“There is no document of culture which is not at the same time a document of barbarism.”
–Walter Benjamin
In September of 1940, Walter Benjamin was in the process of a desperate run to evade the Nazis and flee Europe altogether. He had travelled from Paris, to Lourdes, to Portbou in Catalonia, where he anticipated passage to the US on a travel visa that his friend and fellow philosopher Max Horkheimer obtained on his behalf. But the fascist Franco government voided such travel visas with strict orders to return all refugees to France, especially any Jews stripped of their citizenship.
On 26 September, fearing recapture, Benjamin overdosed on morphine tablets. His suicide shocked Spanish police, which allowed the remainder of Benjamin’s camp safe course to Lisbon on September 30th. Had he chosen to live, would he and his entire camp have died? We’ll never know.

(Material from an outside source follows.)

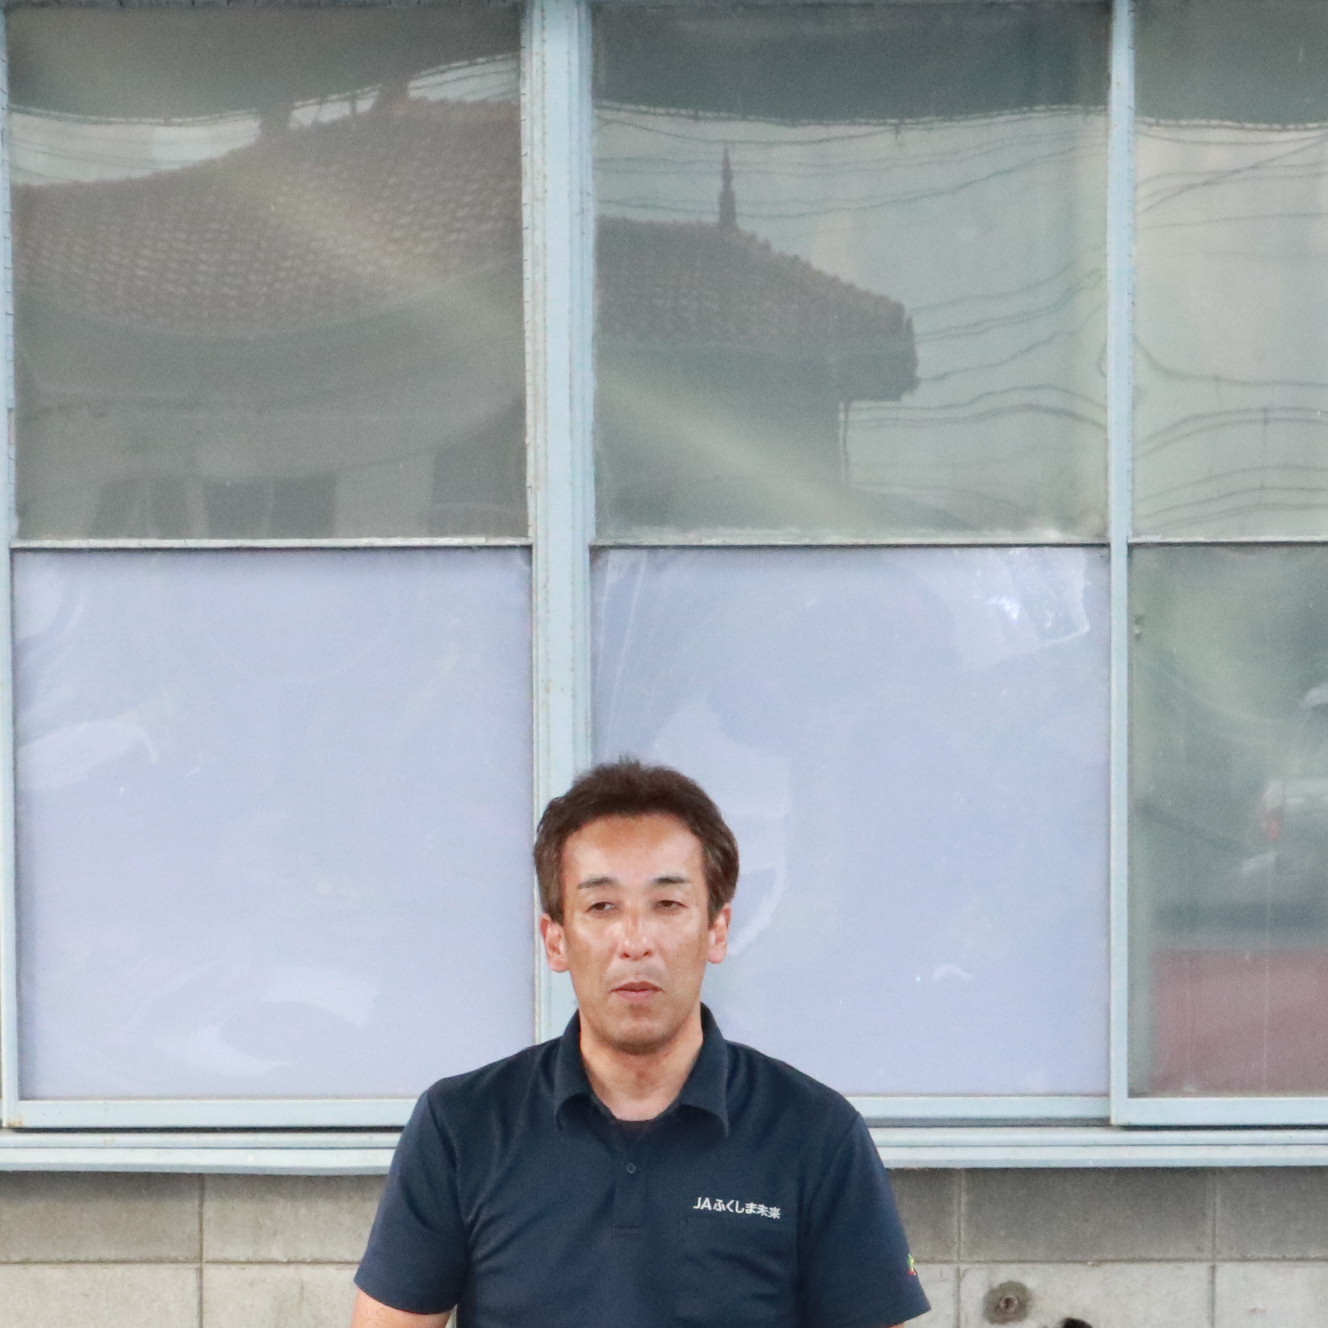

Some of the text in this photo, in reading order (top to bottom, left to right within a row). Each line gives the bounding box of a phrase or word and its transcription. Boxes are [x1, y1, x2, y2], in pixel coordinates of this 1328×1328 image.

[693, 1197, 781, 1219] JAふくしま未来
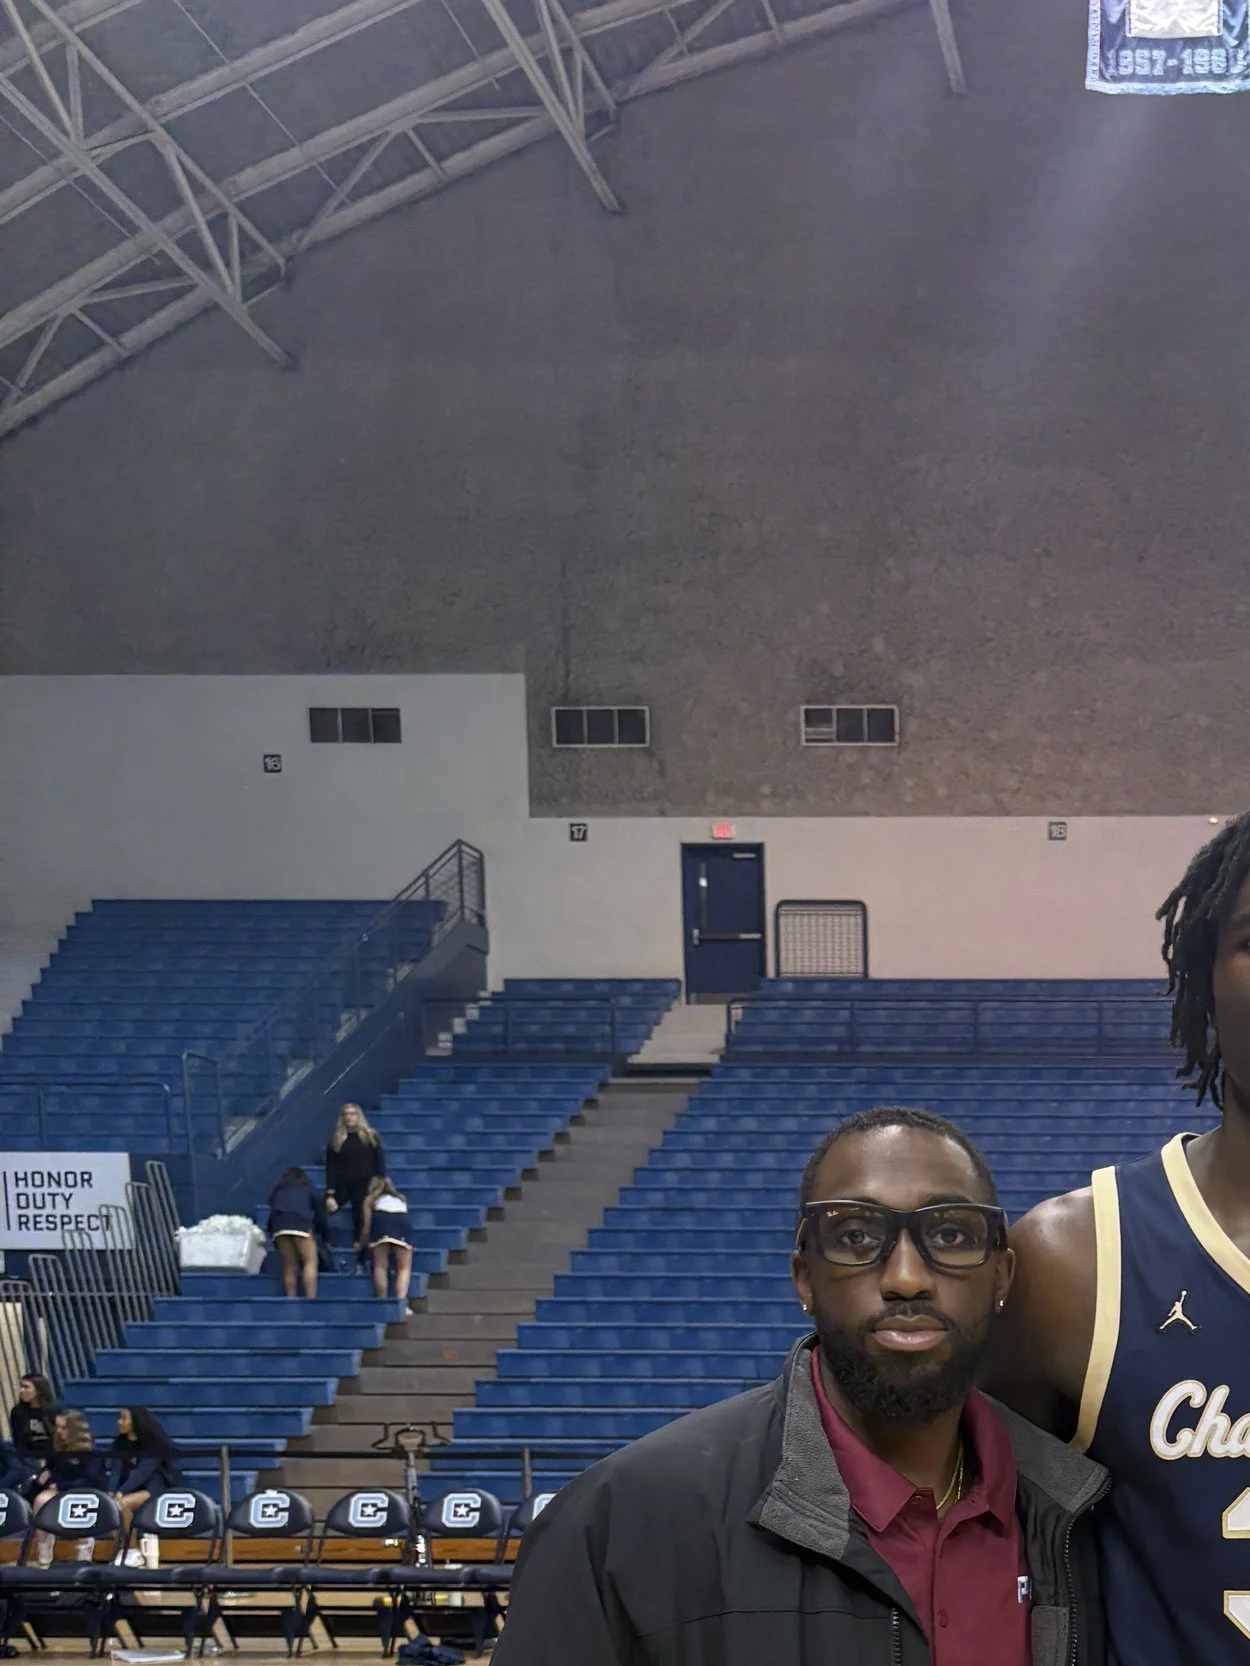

Everything we think we know — what is commonly referred to as ‘knowledge’ — starts out with a theory. In the scientific pursuits, it’s called a ‘hypothesis’. We can think of a hypothesis as a sort of educated guess. The hypothesis is usually then tested under standardized conditions through experimentation and empirical observation to either confirm or deny that hypothesis, that theory. If that theory implicates or involves more than one person, it is by definition a conspiracy theory. We are living not in a disciplinary society, although there is much discipline to be found, too; we are living in what William S. Burroughs and Gilles Deleuze subsequently called a “Control” society. But our current Controllers are not as they might have been in the past priests or police officers; they are members of a small billionaire elite hellbent on hoovering up the world’s wealth.
As I write these words, Montreal has entered into another coronavirus-correlated lockdown — not as severe as the first lockdowns that took place in March, April, and May, but severe enough, nonetheless. All public venues are once again shuttered. Libraries, theatres, museums, restaurants, bars, shops — all closed. Those, like me, who live alone are allowed only one visitor. And the municipal and provincial governments, led respectively by Valerie Plante and Francois Legault, are placing the responsibility for coronavirus infection rates squarely in our hands. I write these words from Edmonton, where I have fled fascist Quebec, never to return. I will never return. And had I not escaped, surely, I would now be dead.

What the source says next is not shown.